It's because Ruby scopes sigil-less variables locally by default. It's like using "my" everywhere for free. "x = 10" in Ruby creates a local variable. By default, "$x = 10" in Perl is creating a global package variable which, in most day to day cases, isn't particularly desirable.
Perl's "my" really patches over a dangerous default. Perl gives you the global by default. Ruby gives you a local by default. I'd much rather have my defaults be sane than be forced to make declarations to fix things up. Which is why Ruby became my primary language after 8 years of Perl..
> It's because Ruby scopes sigil-less variables locally by default.
I'm pretty sure autarch knows that.
I come from the Python world (and have done quite a bit of Ruby as well as a few other languages) and have come to dislike all implicit scoping, it is less readable and always ends up leading to annoying (and hard to track) bugs.
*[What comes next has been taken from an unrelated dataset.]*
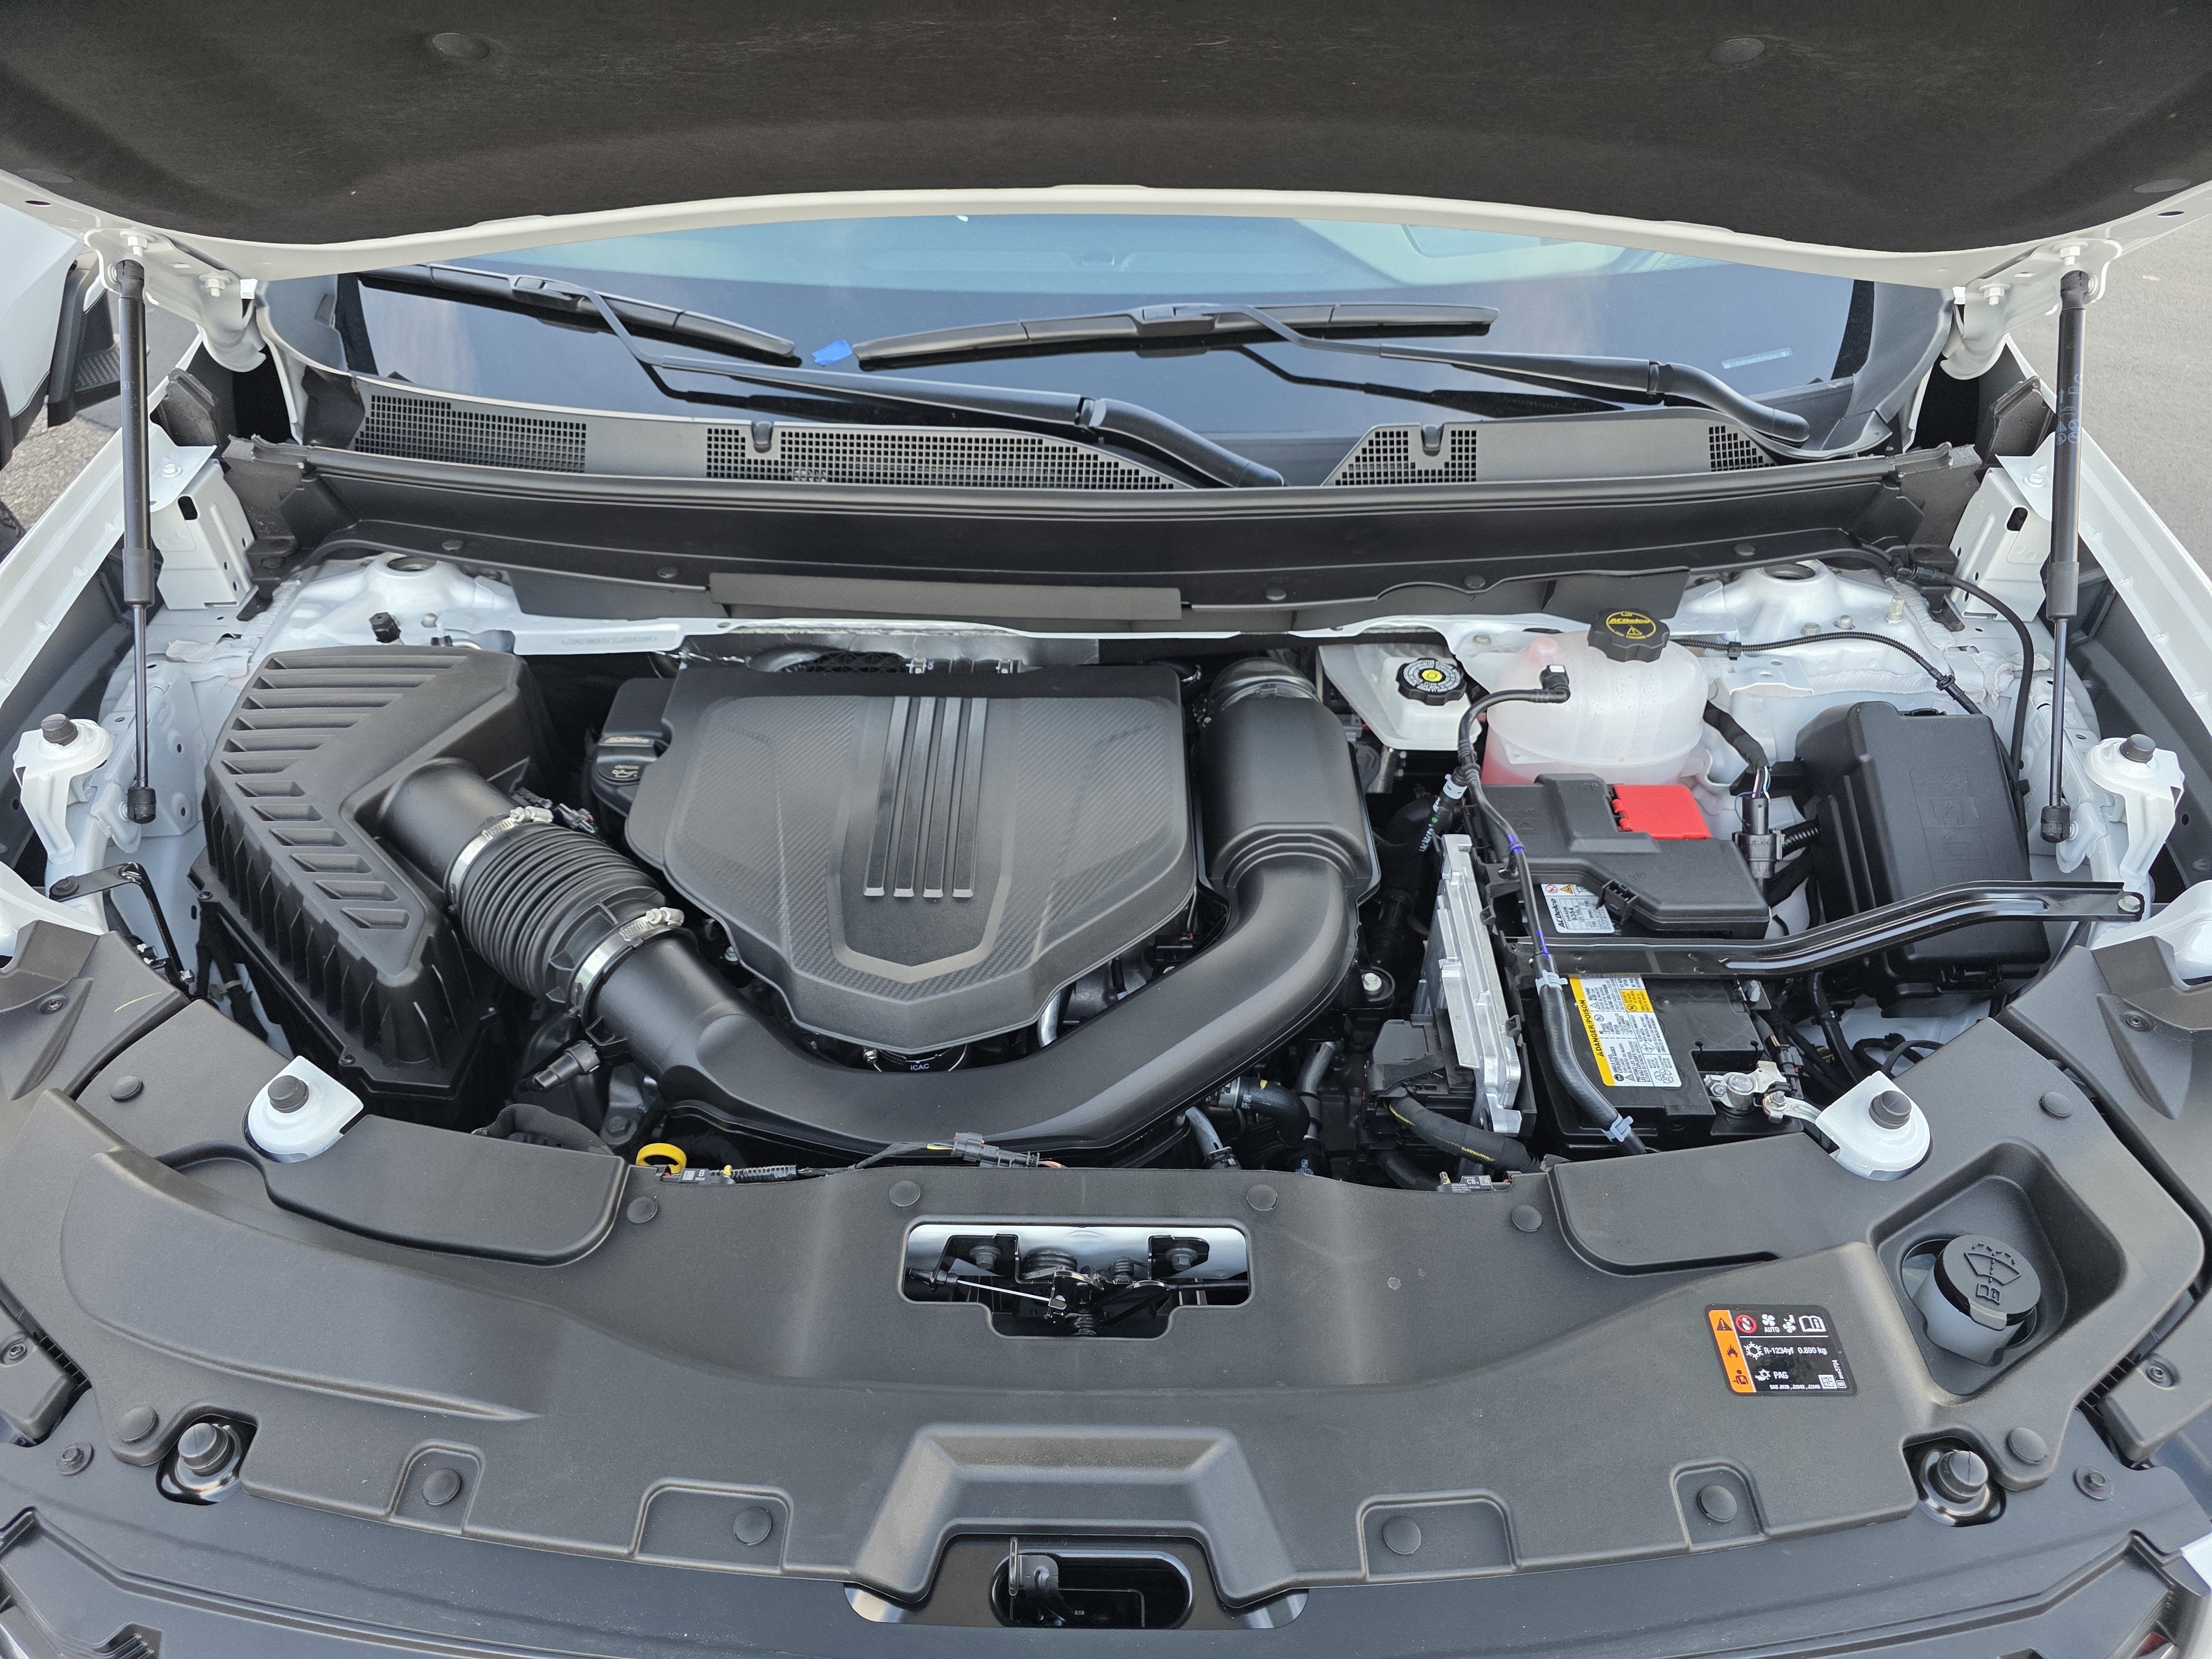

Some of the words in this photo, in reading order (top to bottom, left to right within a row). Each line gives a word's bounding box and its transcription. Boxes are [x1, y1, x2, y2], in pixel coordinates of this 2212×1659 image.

This is magnified in Python due to scoping being historically wonky (there used to be no lexical scoping at all, only function-local and module-global) and leading to `global` and (in Python 3) `nonlocal` (yay two crappy keywords and statements instead of having a single clear one)
Whatever the case, these will trip people up and really provide little to no gain, explicit lexical scoping is clearer and leads to less bugs, both from shadowing an existing variable and from hooking into (and overwriting) the same. It's also pretty easy to statically check, in a statically (lexically) scoped language.
Interestingly, that (along with first-class blocks, keyword messages and the cascading operator) is one of the very nice things Ruby threw away from its (limited) Smalltalk ancestry.
I suppose it's stuff like this that leads to the dozens of abandoned language implementations that litter the world of software like balled up hamburger wrappers outside a truck stop.
It's enough to drive a man back to Scheme. Why do all of these sh++ languages get so much right and so much wrong? My personal preference from the list is Python, but it's full of irritants as well.
At least there are tools for python which will catch misnamed variables:
$ pychecker a.py
Processing module a (a.py)...
Warnings...
a.py:3: Local variable (somevar) not used
a.py:4: Local variable (someothervar) shadows global defined on line 1
a.py:5: Local variable (someothervar) shadows global defined on line 1
a.py:5: No global (some_func) found
not every problem with scoping can be caught that way, but hey... can't have everything.
I think you missed the point. Ruby and Python syntax conjoins two concepts: variable declaration and variable binding. This increases the likelihood of subtle naming errors, e.g.:
my_variable = 10
# a few lines later...
my_varable = 15
Some kind of "var" keyword makes the problem disappear and makes the programmer's intentions clearer, e.g., when creating temporary variables inside the scope of a conditional or a loop.
In the case of Perl, strict mode also makes it clearer when the programmer wants a lexically ("my") or dynamically ("local") scoped variable, a feature woefully missing in both Ruby and Python.
Perl's "my" really patches over a dangerous default. Perl gives you the global by default. Ruby gives you a local by default. I'd much rather have my defaults be sane than be forced to make declarations to fix things up. Which is why Ruby became my primary language after 8 years of Perl..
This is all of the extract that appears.